▶ _WHAT TO DO_:
Make an exact copy of the listing so that no picture is carried over.

▶ _RECORDS FOR THIS TASK_:

+---+

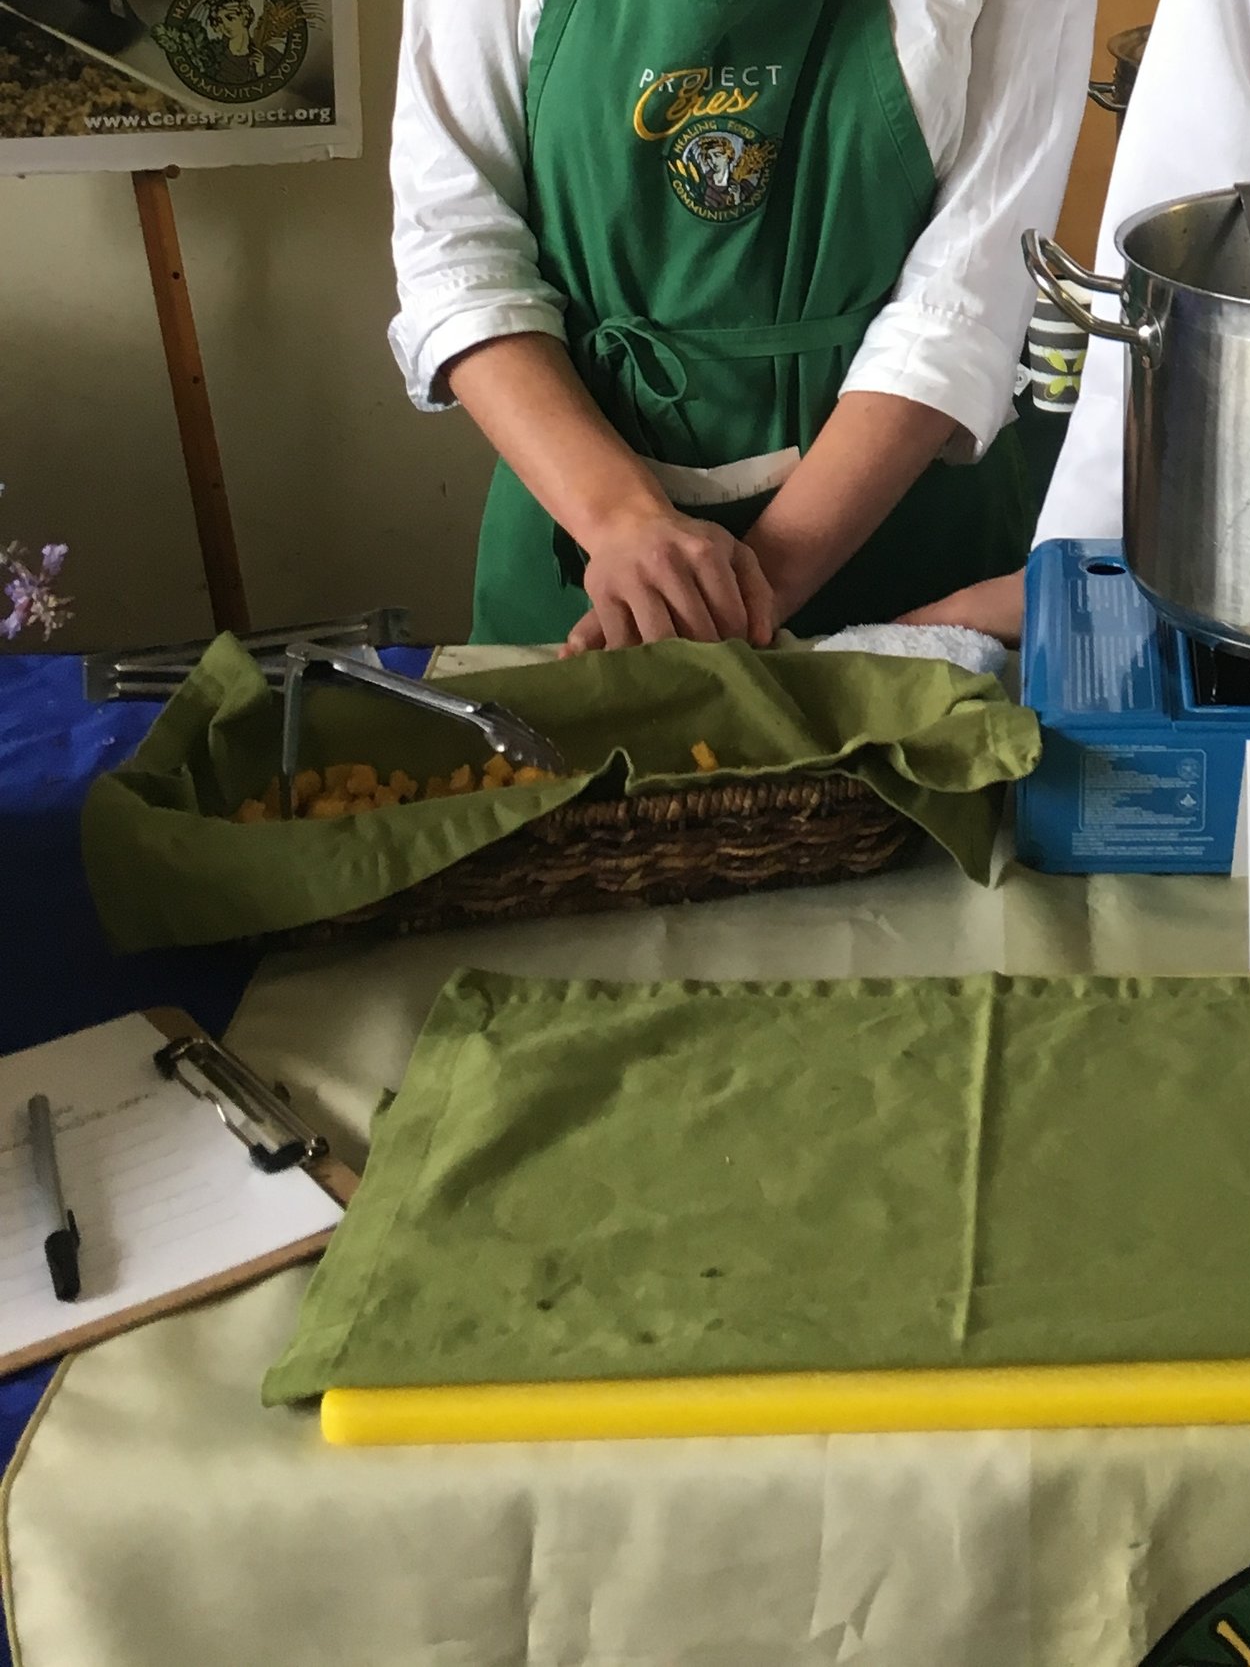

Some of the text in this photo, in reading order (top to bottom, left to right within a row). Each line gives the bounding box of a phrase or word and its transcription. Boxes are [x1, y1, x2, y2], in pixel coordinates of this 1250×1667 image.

[174, 32, 303, 98] COMMUNITY YOUTH
[639, 65, 782, 93] PROJECT
[84, 107, 332, 128] www.CeresProject.org
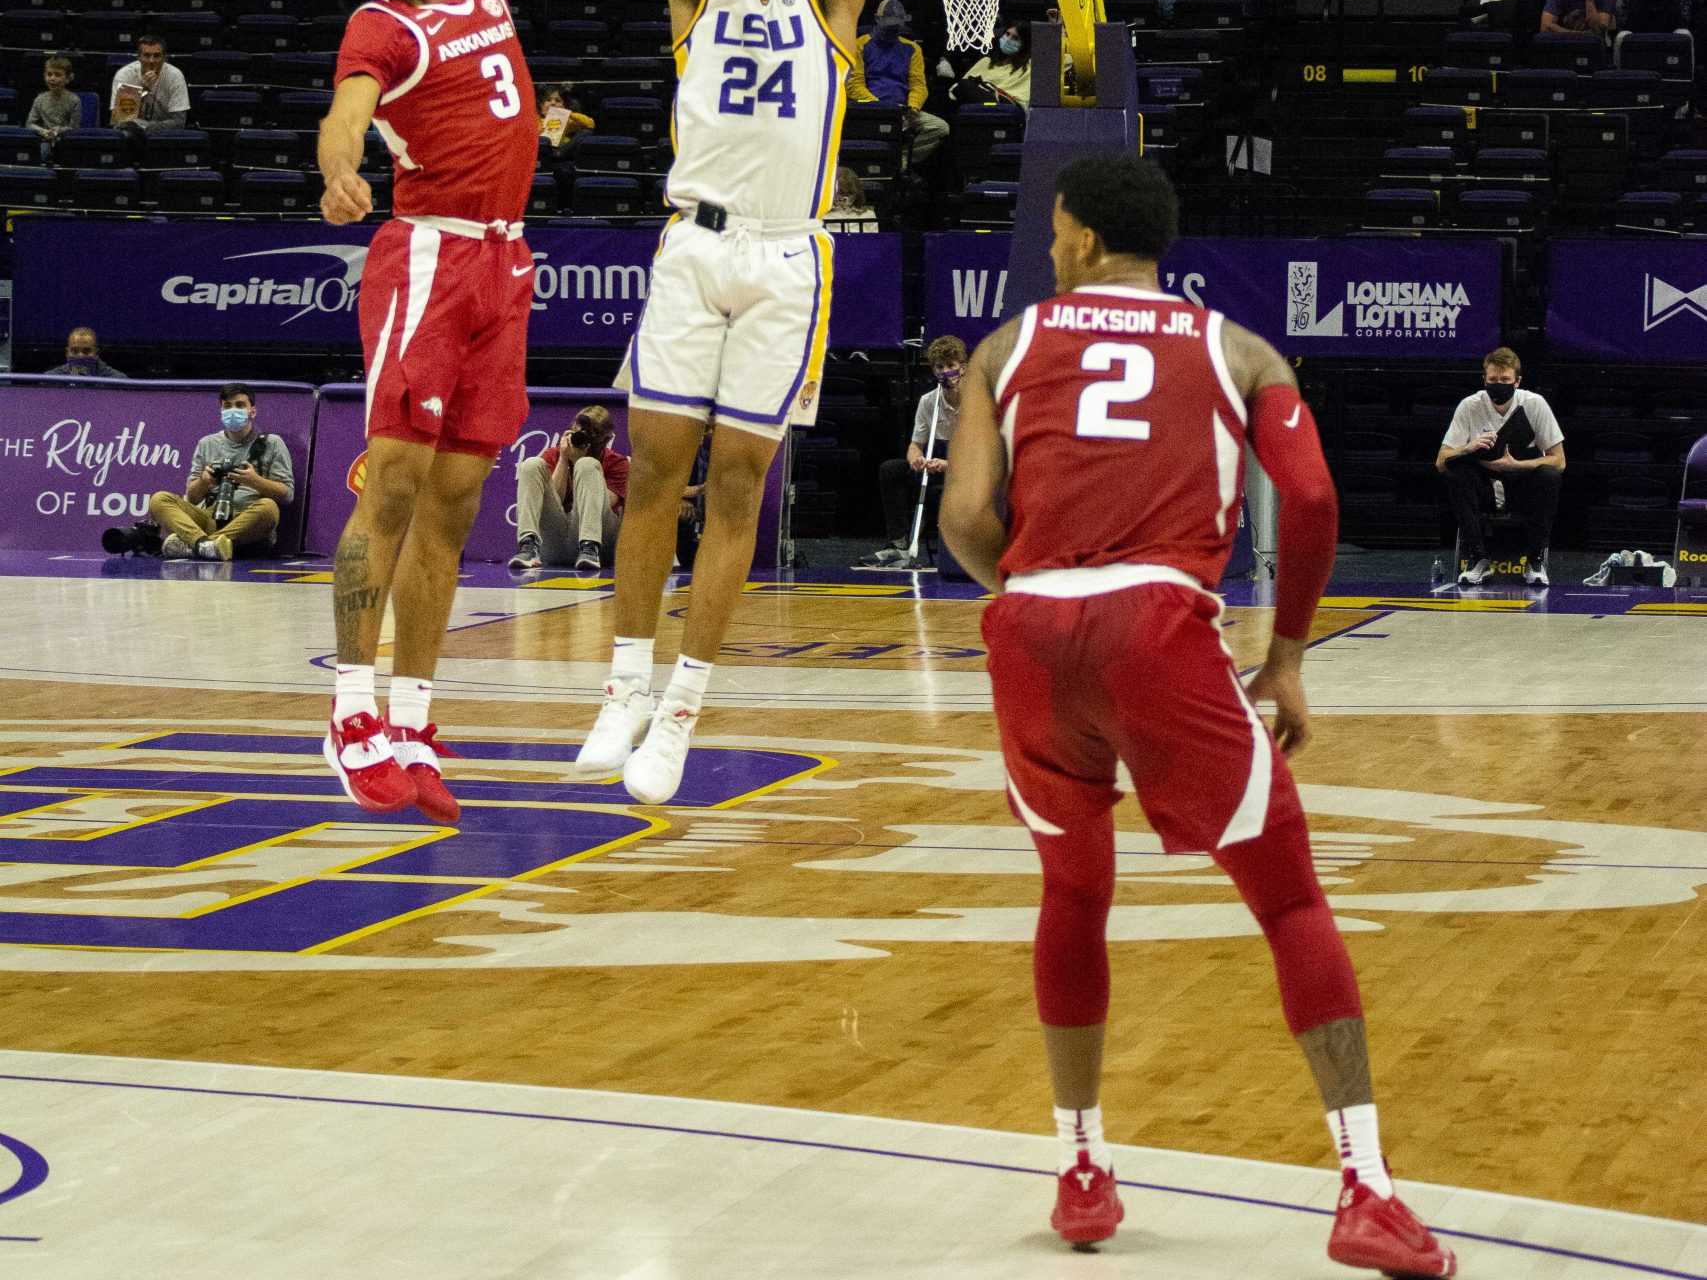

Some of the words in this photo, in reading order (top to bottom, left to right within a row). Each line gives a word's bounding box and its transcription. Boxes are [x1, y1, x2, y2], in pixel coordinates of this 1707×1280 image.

[714, 11, 805, 51] LSU
[480, 53, 521, 120] 3
[718, 56, 796, 118] 24
[1346, 281, 1471, 306] LOUISIANA
[1042, 304, 1157, 333] JACKSON
[1161, 311, 1201, 336] JR.
[1355, 304, 1461, 329] LOTTERY
[1355, 329, 1457, 338] CORPORATION
[1075, 341, 1155, 441] 2
[42, 419, 181, 486] Rhythm
[36, 491, 76, 515] OF

+---+

▶ _RESULT_:
Some of the text in this photo, in reading order (top to bottom, left to right within a row). Each line gives the bounding box of a phrase or word and its transcription. Boxes are [x1, y1, x2, y2], in pixel coordinates of this 1250×1667 image.

[174, 32, 303, 98] COMMUNITY YOUTH
[639, 65, 782, 93] PROJECT
[84, 107, 332, 128] www.CeresProject.org

Some of the words in this photo, in reading order (top to bottom, left to right within a row). Each line gives a word's bounding box and its transcription. Boxes are [x1, y1, x2, y2], in pixel coordinates of this 1707×1280 image.

[714, 11, 805, 51] LSU
[480, 53, 521, 120] 3
[718, 56, 796, 118] 24
[1346, 281, 1471, 306] LOUISIANA
[1042, 304, 1157, 333] JACKSON
[1161, 311, 1201, 336] JR.
[1355, 304, 1461, 329] LOTTERY
[1355, 329, 1457, 338] CORPORATION
[1075, 341, 1155, 441] 2
[42, 419, 181, 486] Rhythm
[36, 491, 76, 515] OF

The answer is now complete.